Despite its sporty nature, the RS Q3 is not a pain to slog thorough that otherwise mundane daily commute, although the more comfort-oriented drive select settings can lead to a slightly laggy engine response at times. The ride is not too bad either, for a sporty vehicle.
If we're to let any logical arguments infiltrate for a sec, I must say that this Q3 is not as practical as you might imagine with rear legroom being reasonable at best and a roofline that will make things a little claustrophobic for large teens or adults in the back. A smallish family should fit fine though.
This Q3's cabin has its fair share of snazzy RS touches, including sports seats clad in black Alcantara leather and a bespoke instrument cluster. Best of all, a proper infotainment set-up comes as standard, comprising MMI Navigation Plus and a 465 watt 14-speaker Bose surround-surround system. I must admit to not putting the latter to use very much though, as the engine's sound track was all the music I needed that week.
Whatever logic I had has failed me here and I have to confess to really liking the Audi RS Q3, pointless as it may seem. It might lack any of the usual SUV versatility and it's not a Lotus around corners, yet the smile factor is huge - as is the R713 000 price tag, sadly.

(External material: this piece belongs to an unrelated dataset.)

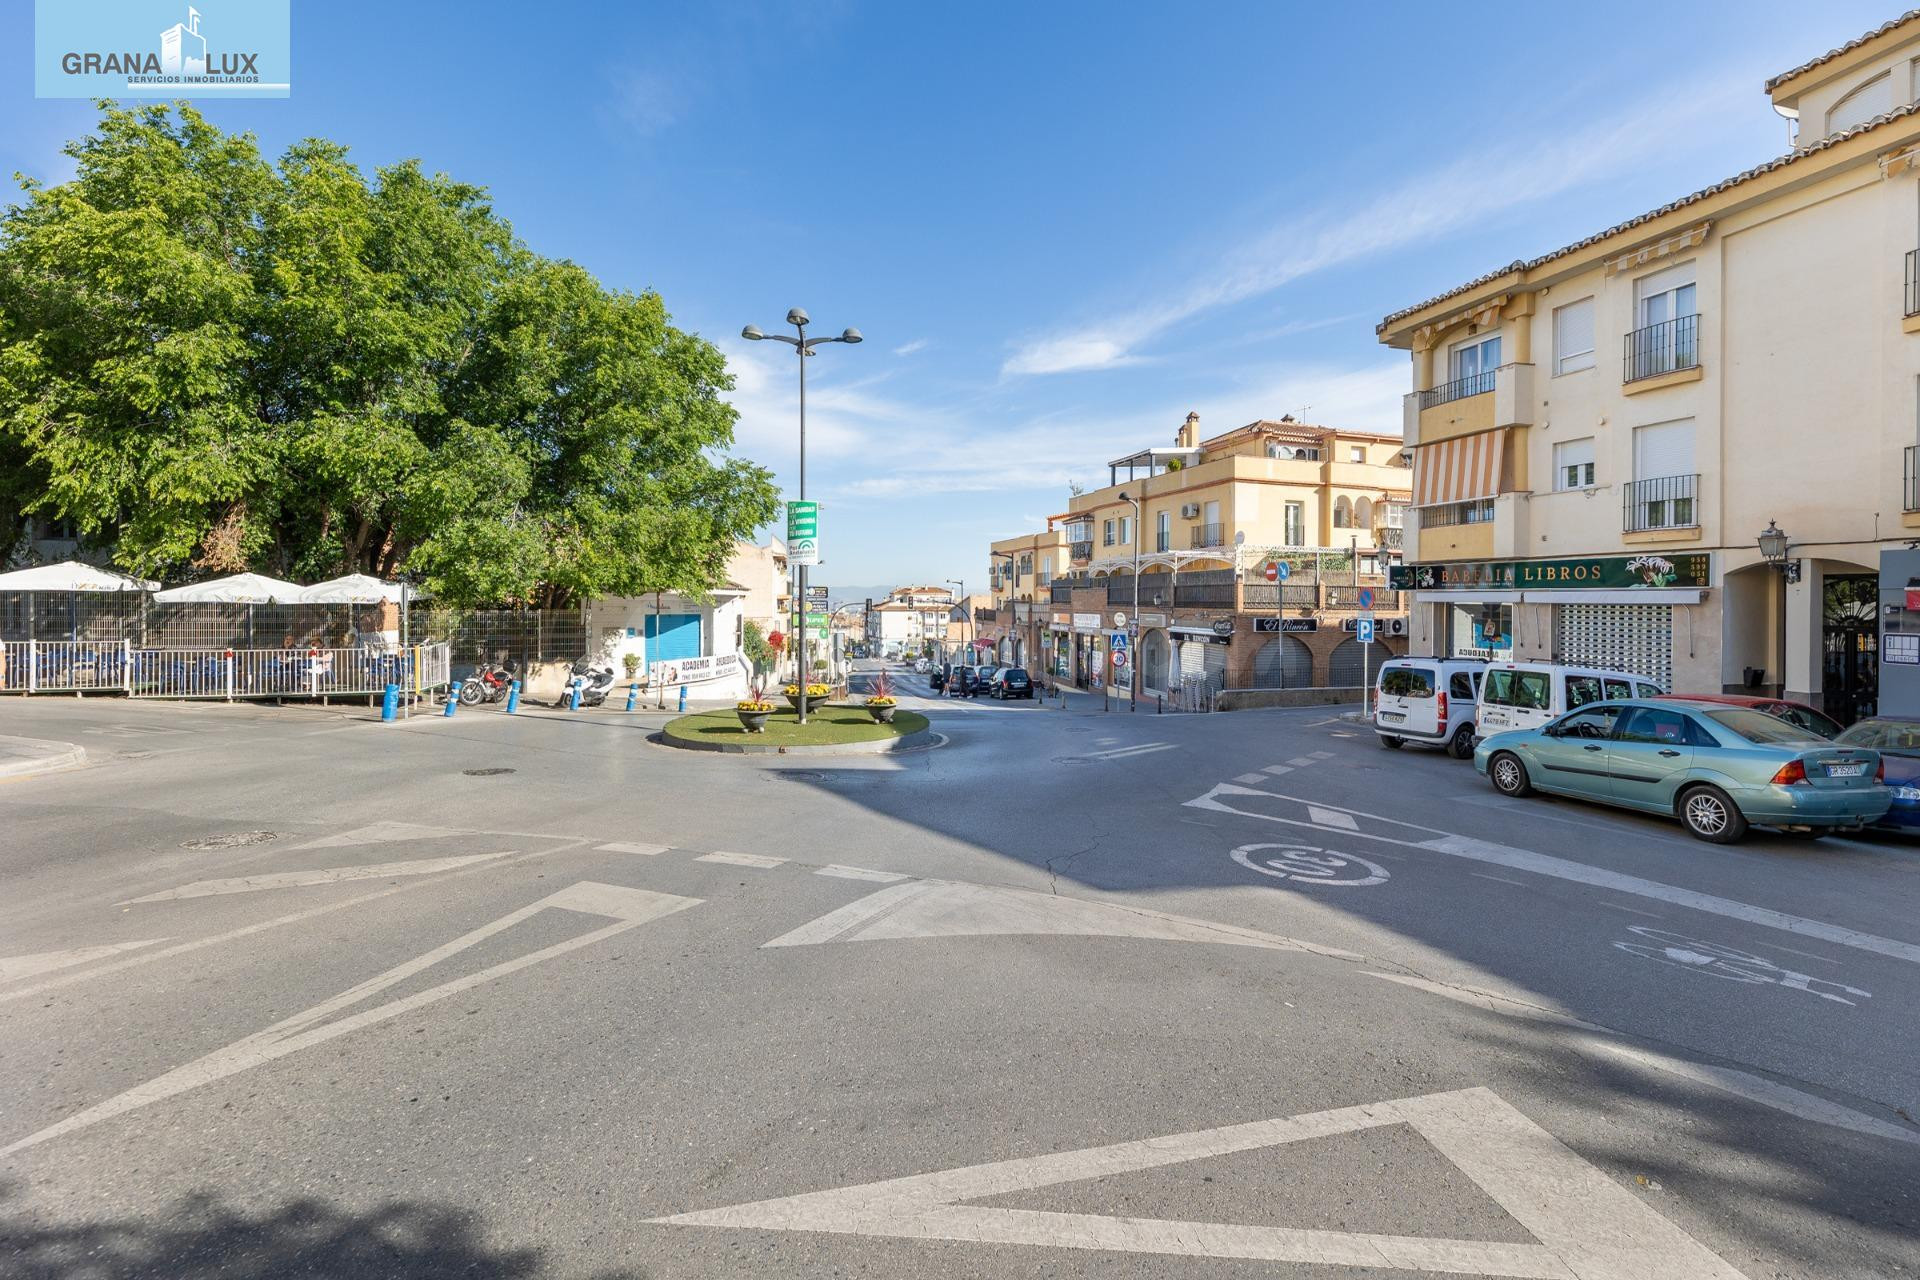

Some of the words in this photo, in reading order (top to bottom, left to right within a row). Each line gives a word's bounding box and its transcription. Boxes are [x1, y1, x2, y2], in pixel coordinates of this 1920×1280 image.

The RS Q3 is crazy, but loveable.
Audi RS Q3
Engine: 2.5-litre, five-cylinder turbopetrol
Gearbox: Seven-speed S tronic
Power: 228kW @ 5200-6700rpm
Torque: 420Nm @ 1500-5200rpm
0-100km/h (tested): 5.5 seconds
Top speed (claimed): 250km/h
Consumption (claimed): 8.8 litres per 100km
Price: R713 000
Maintenance plan: Five-year/100 000km
Merc's 265kW GLA 45 AMG comes close at R745 743, but if you're looking for a larger and less boisterous crossover with ample urge, you could have a 242kW Volvo XC60 T6 AWD for R660 000, stretch to a BMW X4 35i (225kW, R781 390) or treat yourself to the new Porsche Macan S, with 250kW, for R873 000.